Electrophysical properties of CNT. The augmented cylindrical wave method Текст научной статьи по специальности «Физика»

ELECTROPHYSICAL PROPERTIES OF CNT. THE AUGMENTED CYLINDRICAL WAVE METHOD

A. V. Pak1, M.B. Belonenko2'3, P.N. Dyachkov4

1 Volgograd State University, 400062, Volgograd, Russia 2 Entropique Inc., London, N6J 3S2, ON, Canada 3 Volgograd Institute of Business , 400048, Volgograd, Russia

4 Institute of General and Inorganic Chemistry named after N.C. Kurnakov RAS,

Moscow, Russia

pak.anastasia@gmail.com

PACS 71.10.Fd, 72.80.Vp

Current-voltage characteristics of tunnel contact between semiconducting (and conducting) carbon nanotubes (CNT) of various diameters and system of periodically located quantum dots (and also in contact to metal) was obtained using density of states (DOS) investigation. DOS has been calculated by means of the method of attached cylindrical waves. At certain parameters for quantum dots, the current-voltage characteristics observed testify to the presence of negative differential conductivity.

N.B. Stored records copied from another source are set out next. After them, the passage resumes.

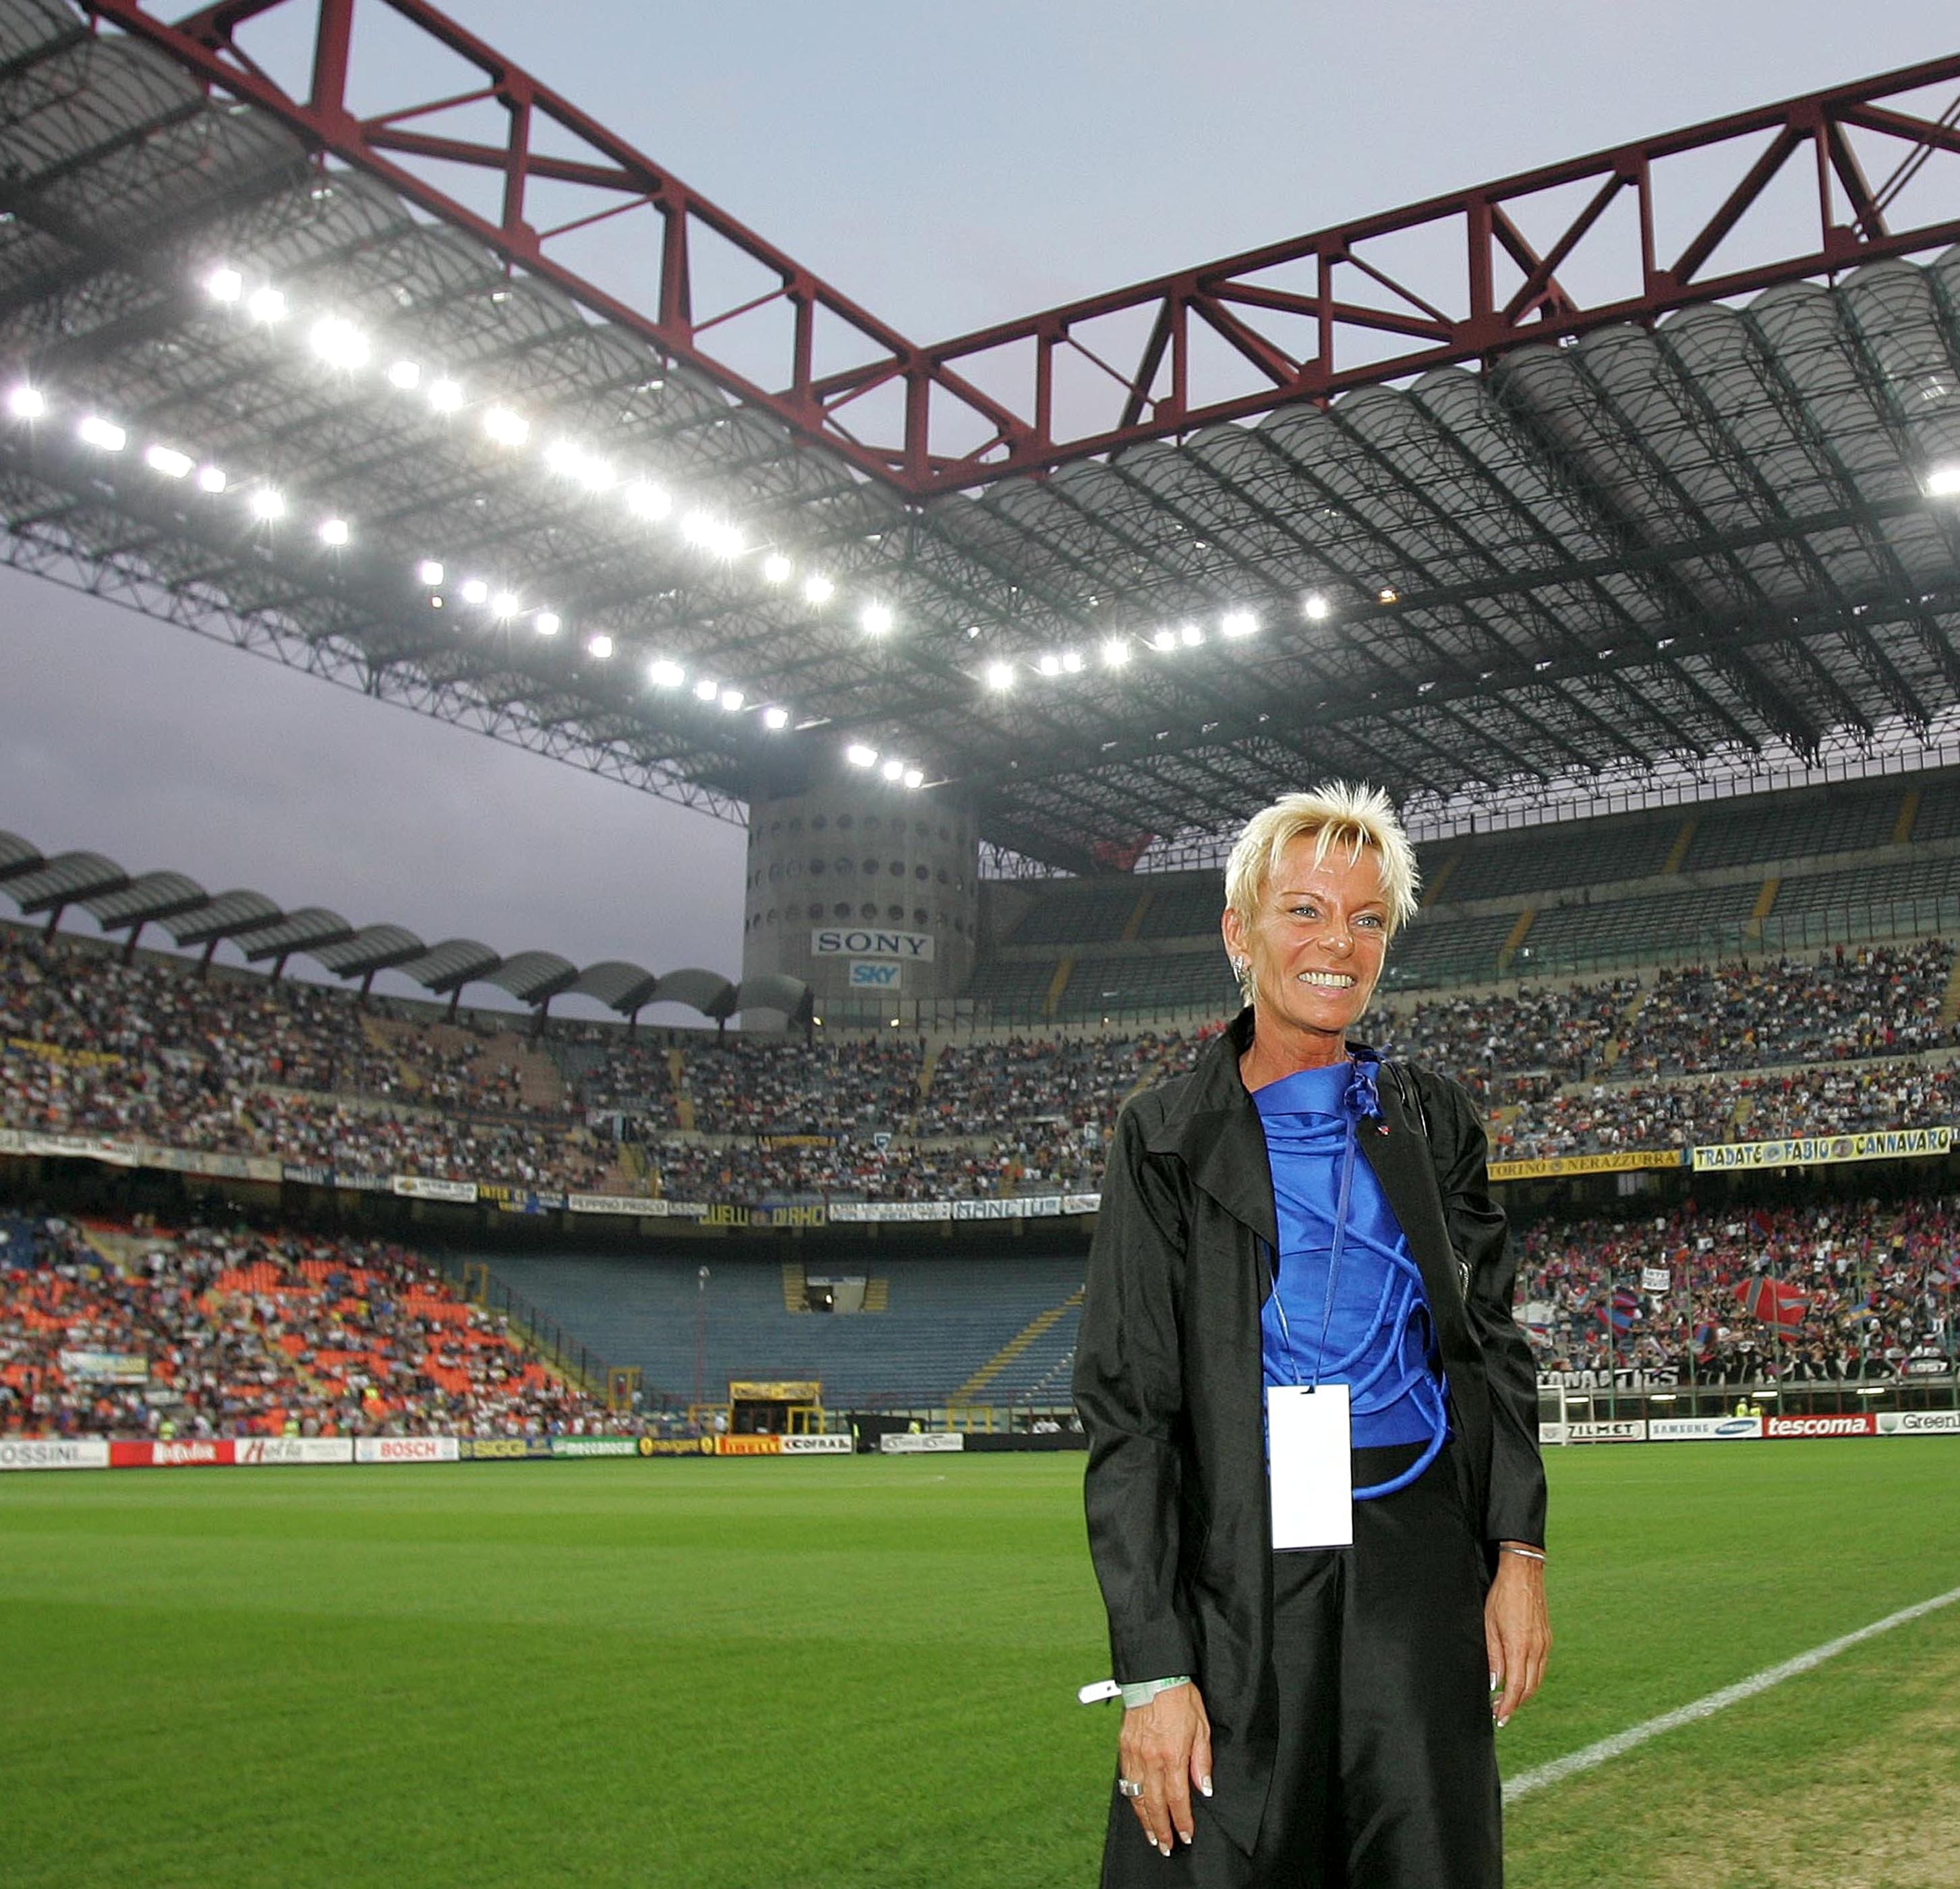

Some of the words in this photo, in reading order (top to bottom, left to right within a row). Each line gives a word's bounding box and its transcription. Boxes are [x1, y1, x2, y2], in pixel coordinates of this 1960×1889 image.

[819, 932, 925, 955] SONY
[853, 965, 899, 984] SKY
[1696, 1144, 1762, 1166] TRADATE
[1784, 1139, 1830, 1161] FABIO
[1856, 1129, 1949, 1155] CANNAVARO
[1489, 1161, 1546, 1178] TORINO
[1567, 1152, 1676, 1172] NERAZZURRA
[1653, 1423, 1709, 1434] SAMSUNG
[380, 1441, 436, 1457] BOSCH

Keywords: carbon nanotubes, density of the states, current-voltage characteristics.

1. Introduction

In the last few years, the interest of many researchers has been focused on the properties of carbon nanotubes [1]. It is known from classical works that the "Arm-chair" type of nanotube, in Huckel's approximation, are conductors at any temperature [2]. However, using the linear augmented cylindrical wave (LACW) method allows a gap in the band structure of this type of nanotube. This makes it possible to use them in different applications. The simplest method to experimentally verify the change in the state density is to study the tunneling current [3,4], for example, of the contact with quantum dots. In these papers, the density of states were calculated by the method of Green's functions [5], however, not every system has a density of states for electrons can be determined analytically. For such a system, the more versatile method is based on ab initio calculations .

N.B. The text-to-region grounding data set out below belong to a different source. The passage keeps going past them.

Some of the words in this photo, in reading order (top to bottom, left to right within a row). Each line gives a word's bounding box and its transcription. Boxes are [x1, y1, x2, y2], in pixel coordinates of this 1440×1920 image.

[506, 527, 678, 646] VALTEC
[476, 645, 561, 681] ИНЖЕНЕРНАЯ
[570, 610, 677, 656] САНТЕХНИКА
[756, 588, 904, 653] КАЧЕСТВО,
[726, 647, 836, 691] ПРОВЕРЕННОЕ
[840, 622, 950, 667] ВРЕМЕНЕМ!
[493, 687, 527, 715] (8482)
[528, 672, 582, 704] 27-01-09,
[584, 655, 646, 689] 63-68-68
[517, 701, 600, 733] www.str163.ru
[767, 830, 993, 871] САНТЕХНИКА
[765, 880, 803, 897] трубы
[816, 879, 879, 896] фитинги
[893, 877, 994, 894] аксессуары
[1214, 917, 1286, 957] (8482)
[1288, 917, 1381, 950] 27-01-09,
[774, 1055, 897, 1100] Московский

Theoretically, investigation was done by tight-binding calculations only, but it is known from the band structure theory of solids that the linear combination of atomic orbitals (LCAO) basis is adequate to achieve good results for the valence band, but not for the conduction band. The reason for this is that this basis does not include the delocalized conducting plane-wave type functions. As to the n electron band structure models, they are adequate for calculating the energy curves located in a Fermi level region only. Therefore, we have calculated the complete band structures of metallic armchair (n, n) CNTs with 4 < n < 100 and zigzag

semiconducting (0, n) CNTs with 10 < n < 49 indivisible by 3 in terms of a LACW method. The LACW method is just a reformulation of the linear augmented plane wave (LAPW) theory for cylindrical multiatomic systems. Its basis functions have both localized and delocalized components. Finally, the main argument for using cylindrical waves is to account for the cylindrical geometry of the nanotubes in an explicit form that offers obvious advantages [6].

2. Basic equations

2.1. Cylindrical muffin-tin potential

Similar to the LAPW technique used in the band structure theory of solids, we apply the muffin-tin (MT) and local density functional approximations for electronic potentials of tubules. However, the potential of a nanotube differs drastically from that of bulk material. Indeed, infinite motion of an electron is possible in any direction in a crystal, but it is obviously limited in the case of nanotubes by their size and cylindrical shape. Therefore, in terms of the LACW method, the atoms of nanotube are considered to be enclosed between two impenetrable cylinder-shaped potential barriers Qa and because there are two vacuum regions Qv on the outside and on the inside of the tubule. The radii a and b of these barriers are chosen so that the region confined by barriers accommodates a significant portion of the electron density of the tubule. Based on our previous calculations of the CNTs, we take a = RNT+2.3 a.u., b = RNT+2.3 a.u., where, RNT is radius of the tubule. Finally, the electronic potential is spherically symmetrical in the regions of MT-spheres of atoms a and constant in the interspherical region. Inside these spheres, we calculate the electron potential by means of the local density approximation with Slater exchange. As usually, the radii of the MT spheres were chosen so that the atomic spheres touch, but do not overlap. Outside the MT spheres up to the impenetrable potential barriers Qa and the potential is approximated by a constant value taken to be the energy zero point [6,7].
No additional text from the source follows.